Please copy every record below exactly, but leave the pictures out.

[Start of Attachment]

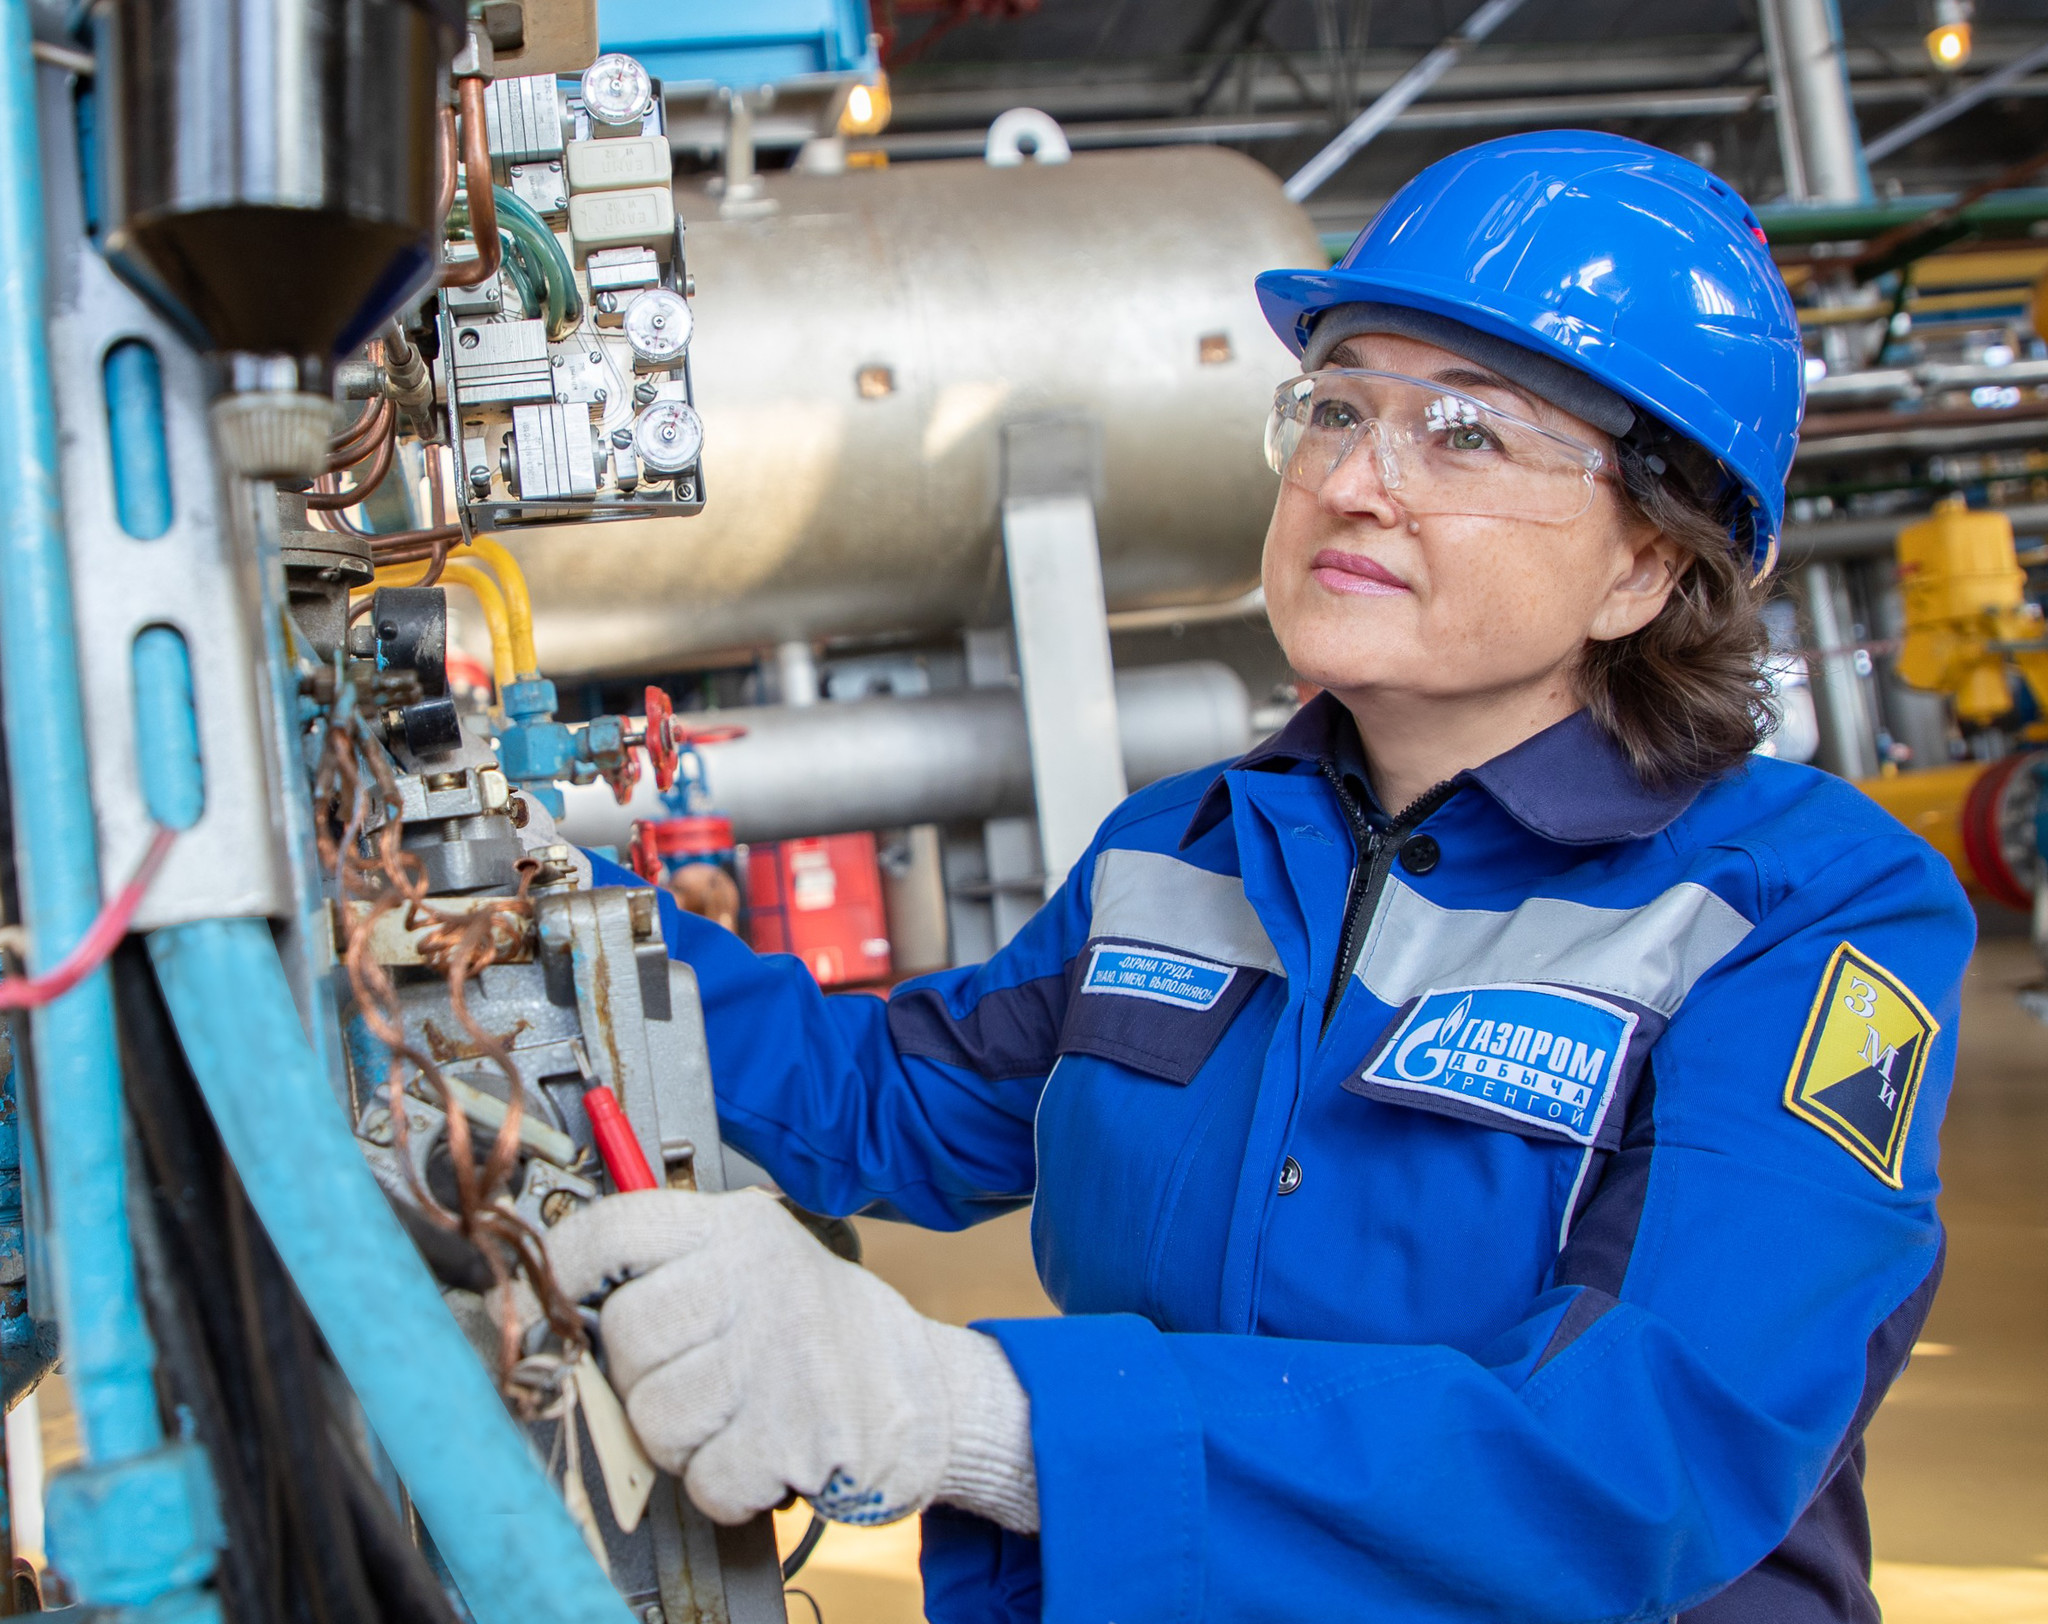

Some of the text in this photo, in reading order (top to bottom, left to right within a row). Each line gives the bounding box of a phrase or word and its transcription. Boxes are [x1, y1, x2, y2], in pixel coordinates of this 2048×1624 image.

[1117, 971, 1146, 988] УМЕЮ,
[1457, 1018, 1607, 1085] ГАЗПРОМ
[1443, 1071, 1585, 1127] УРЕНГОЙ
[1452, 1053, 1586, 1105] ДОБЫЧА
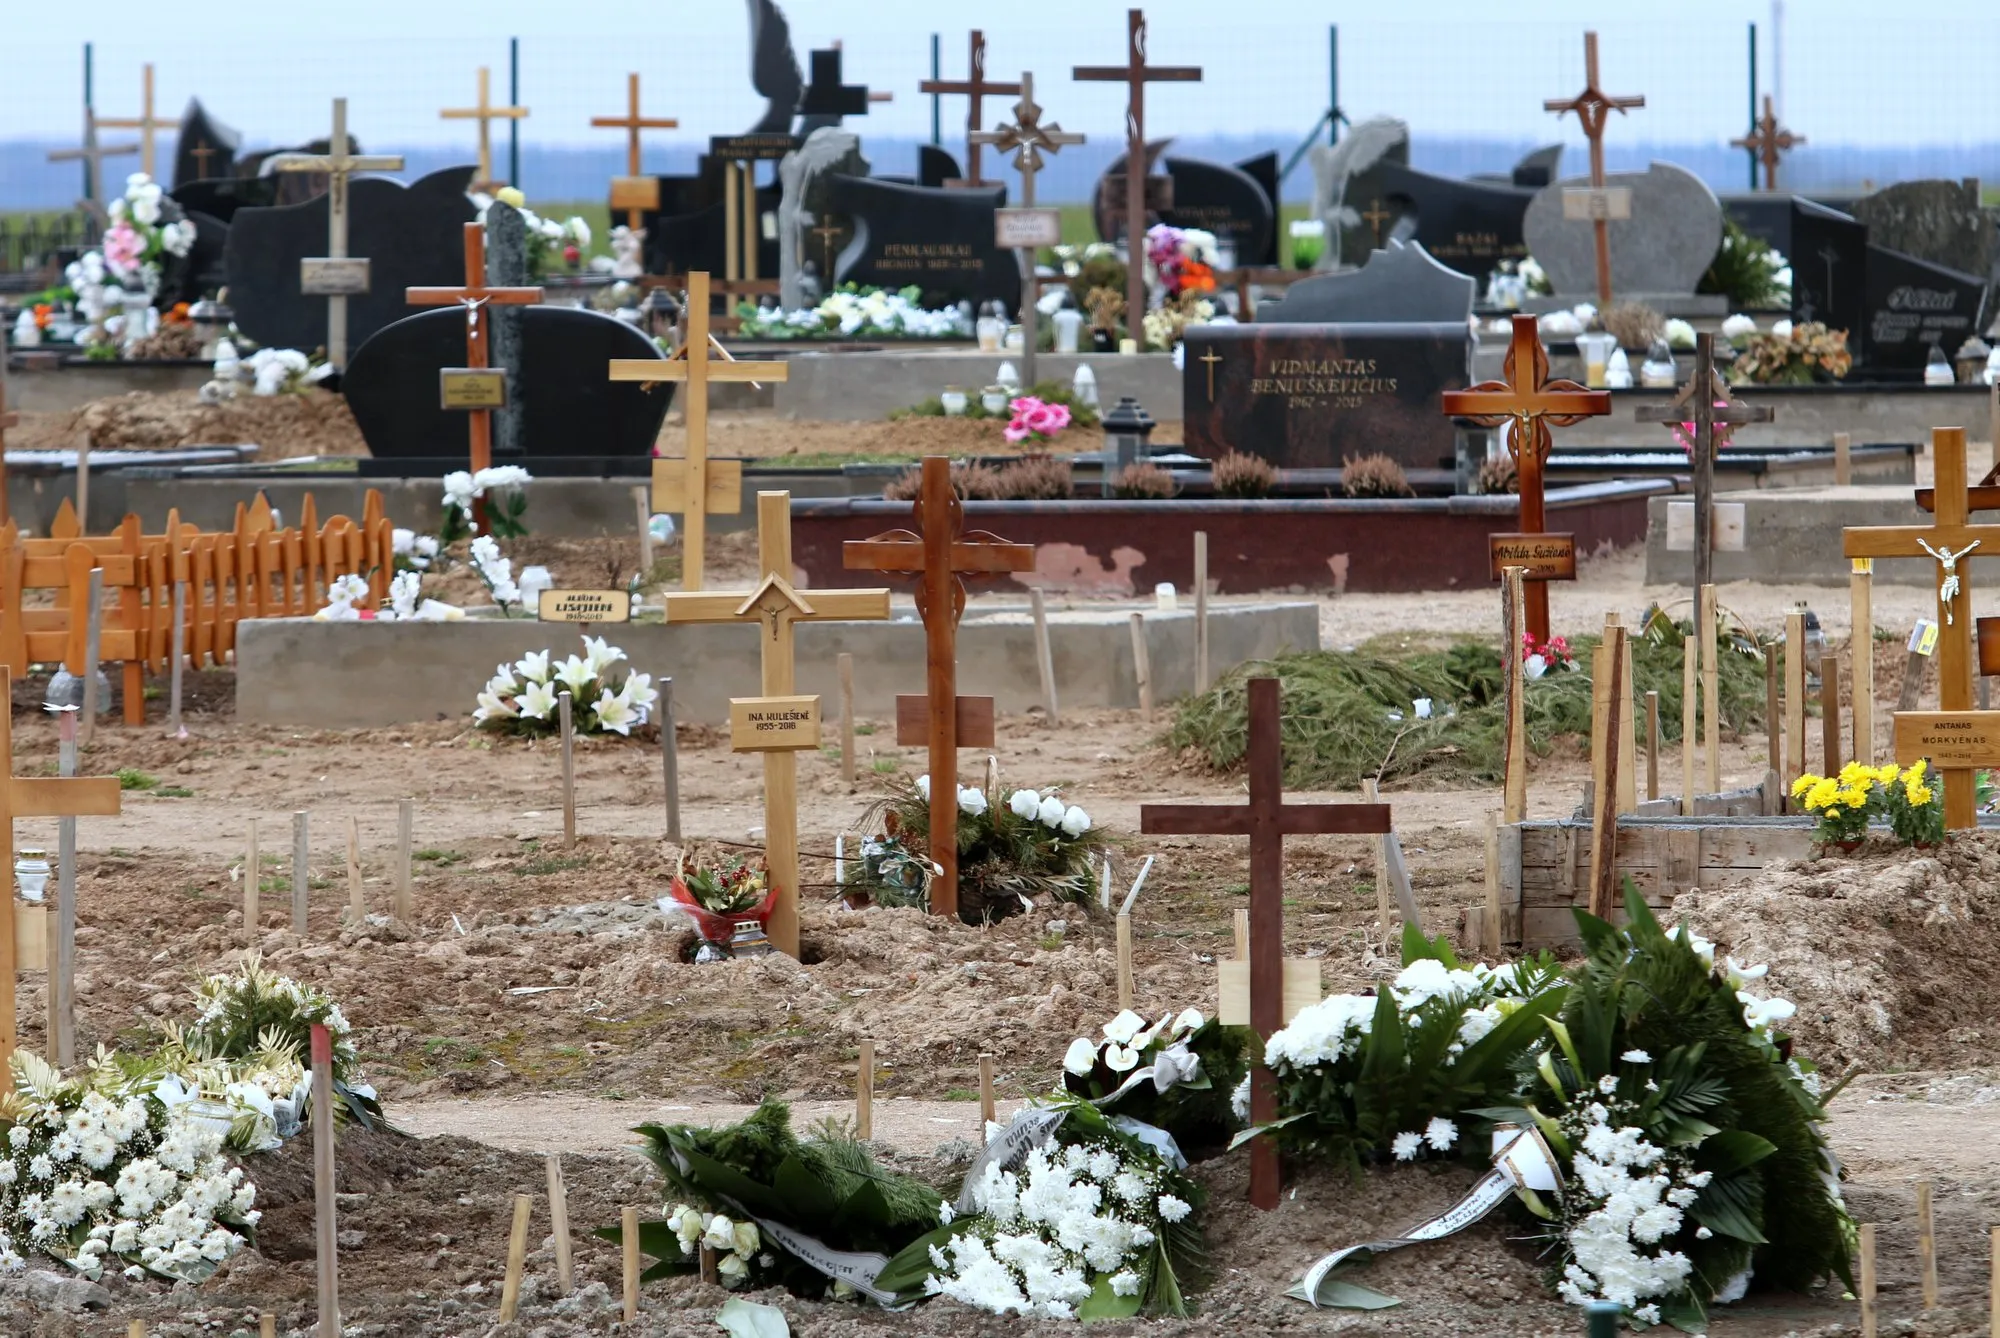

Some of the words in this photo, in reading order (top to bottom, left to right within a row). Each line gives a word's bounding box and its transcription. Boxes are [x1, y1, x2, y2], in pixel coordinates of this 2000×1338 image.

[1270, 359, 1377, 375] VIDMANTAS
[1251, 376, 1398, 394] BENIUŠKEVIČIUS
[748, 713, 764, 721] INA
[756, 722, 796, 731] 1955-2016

[End of Attachment]

**FINAL ANSWER:**
Some of the text in this photo, in reading order (top to bottom, left to right within a row). Each line gives the bounding box of a phrase or word and its transcription. Boxes are [x1, y1, x2, y2], in pixel coordinates of this 2048×1624 image.

[1117, 971, 1146, 988] УМЕЮ,
[1457, 1018, 1607, 1085] ГАЗПРОМ
[1443, 1071, 1585, 1127] УРЕНГОЙ
[1452, 1053, 1586, 1105] ДОБЫЧА

Some of the words in this photo, in reading order (top to bottom, left to right within a row). Each line gives a word's bounding box and its transcription. Boxes are [x1, y1, x2, y2], in pixel coordinates of this 2000×1338 image.

[1270, 359, 1377, 375] VIDMANTAS
[1251, 376, 1398, 394] BENIUŠKEVIČIUS
[748, 713, 764, 721] INA
[756, 722, 796, 731] 1955-2016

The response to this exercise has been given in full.